Es innegable que en los últimos tiempos parece haber un florecimiento de la literatura extraña (new weird, por valernos del conocido término anglosajón), sobre todo proveniente del cono sur americano: Michel Nieva, Luis Carlos Barragán o Ramiro Sanchiz… Flor Canosa se suma al elenco que protagoniza esta nueva ola de la literatura extraña con esta intensa nouvelle en la que cartografía un futuro desapacible y decadente, donde las emociones y el dolor han sido abolidos. Pulpa se presenta como un tríptico, contado por tres narradores distintos que al final habrán de confluir en un desenlace sorpresivo que desencajará el lector, en un giro philipkadiano, donde se cuestiona qué es la realidad. O más bien, en qué realidad (digamos, mundo) creemos vivir, trayendo la idea de simulacro al tercer y final acto, y dejando de lado el dolor, la represión, que presidían los dos actos anteriores. El discurso Foucault-Freud da paso al binomio K. Dick-Braudillard.

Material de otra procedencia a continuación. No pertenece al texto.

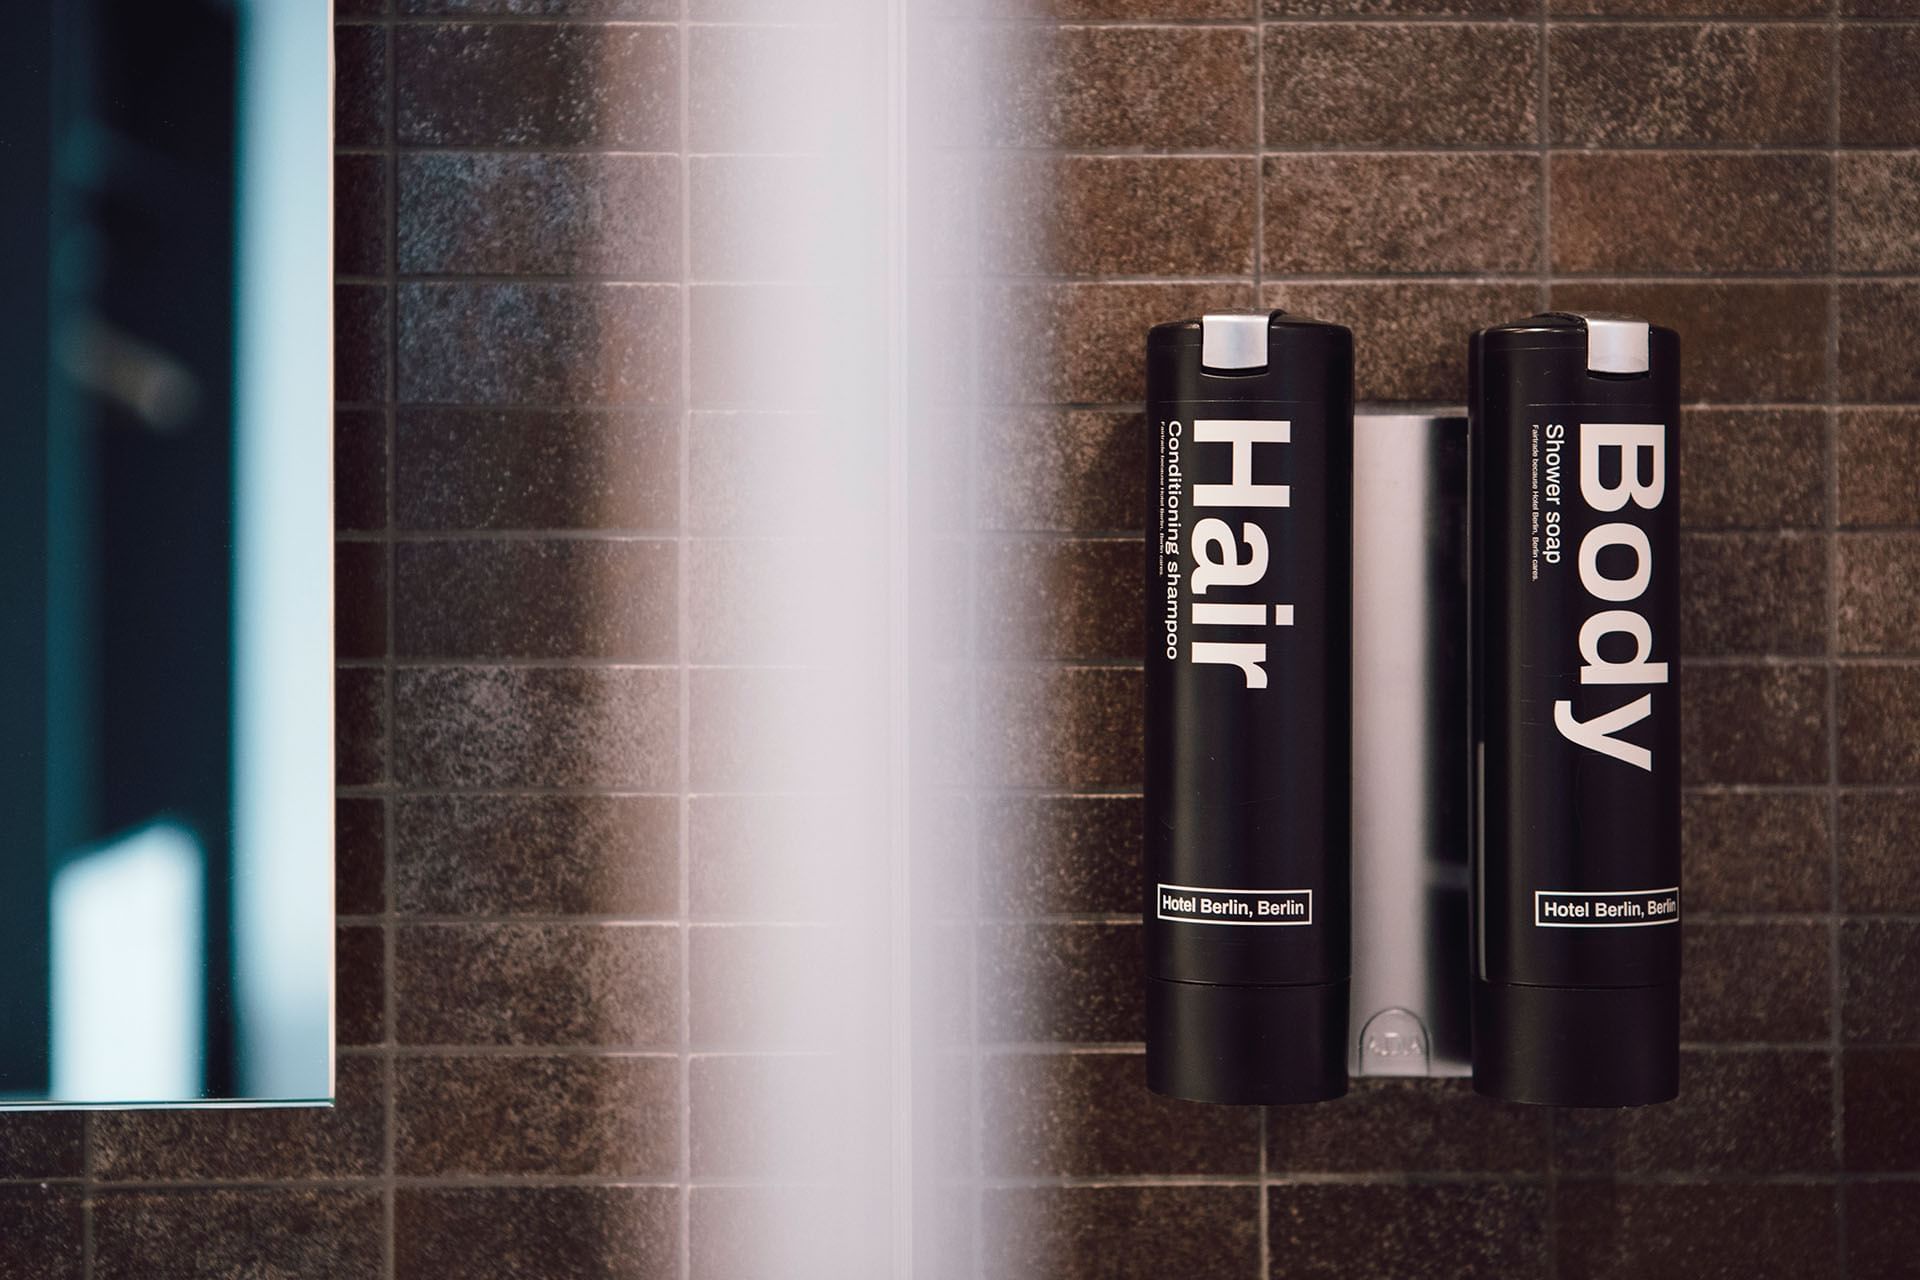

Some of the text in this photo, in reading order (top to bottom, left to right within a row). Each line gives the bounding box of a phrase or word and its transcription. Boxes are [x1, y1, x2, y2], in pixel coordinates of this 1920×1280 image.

[1164, 420, 1182, 660] Conditioning shampoo
[1191, 420, 1294, 689] Hair
[1530, 424, 1540, 582] Fairtrade because Hotel Berlin, Berlin cares.
[1542, 424, 1565, 564] Shower soap
[1554, 423, 1668, 772] Body
[1162, 894, 1304, 918] Hotel Berlin, Berlin
[1544, 897, 1676, 919] Hotel Berlin, Berlin
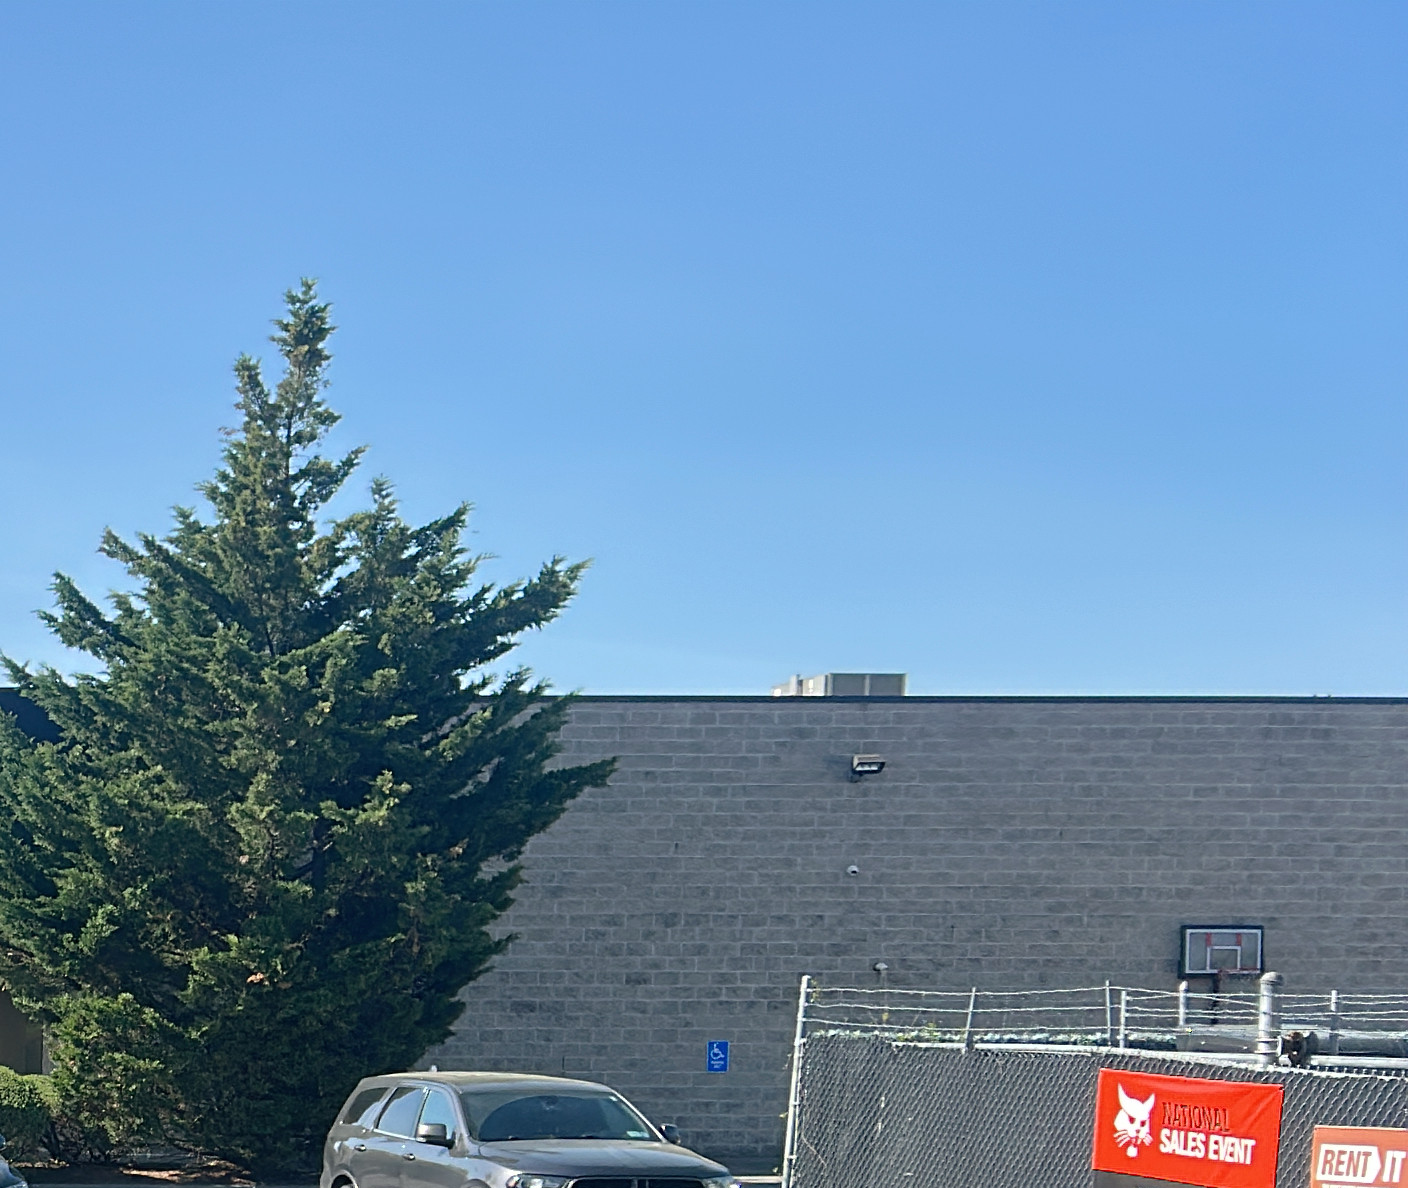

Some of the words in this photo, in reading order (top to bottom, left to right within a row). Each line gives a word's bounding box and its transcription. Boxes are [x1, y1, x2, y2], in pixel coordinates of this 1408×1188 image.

Aunque al final, el simulacro también sea una forma de control social en un mundo que ha sido mutilado, aislado, despojado de su principio rector: el deseo. Entendemos que sin su capacidad volitiva el ciudadano no puede ser libre y su cuerpo, desposeído del dolor (y por tanto del placer) se convierte en un recipiente vacío en el que es fácil hacer brotar la semilla de la sumisión. Flor Canosa despierta en esta novela biopolítica los fantasmas del deseo capitalista que, agostados por la inhibición freudiana de la libido, se transforman en criaturas monstruosas, carcasas, cuerpos deseantes que fenecen en su propio colapso. No es extraño, en este sentido, que la pareja formada por un sádico y una masoquista protagonicen la historia de Pulpa, con un tercero en discordia que funciona como eje desestabilizador de la narración, derivándola, como ya anunciábamos al comienzo de esta reseña, hacia una revelación impactante. El mundo ¿futuro?, ya de por sí extraño, perverso y cerrado, sin internet ni relaciones fiables, se develará como una sombra más de lo real, un producto de ingeniería social que trasciende los límites de la política, la tecnología y la postverdad.
Todo el relato, además de su urdimbre narrativa, está poseído por una semántica del cuerpo. La sangre, el sexo, el ADN, la reproducción, los sentimientos, la memoria defectuosa, el dolor físico, el conocimiento.
Flor Canosa escribe con garra. Es una narradora intuitiva, que induce al lector a través de sus cortantes frases y su dicción dura y en ocasiones coloquial a un trance. La novela es breve pero penetrante, de aspecto ligero, pero densa. Pero de una densidad ágil, si se me permite el oxímoron, que transita grandes ideas con un lenguaje sencillo y directo. Además, no deja de lado la oportunidad de narrar una historia redonda, más bien triangular, que culmina de un modo eficaz y solvente. Flor Canosa: un descubrimiento.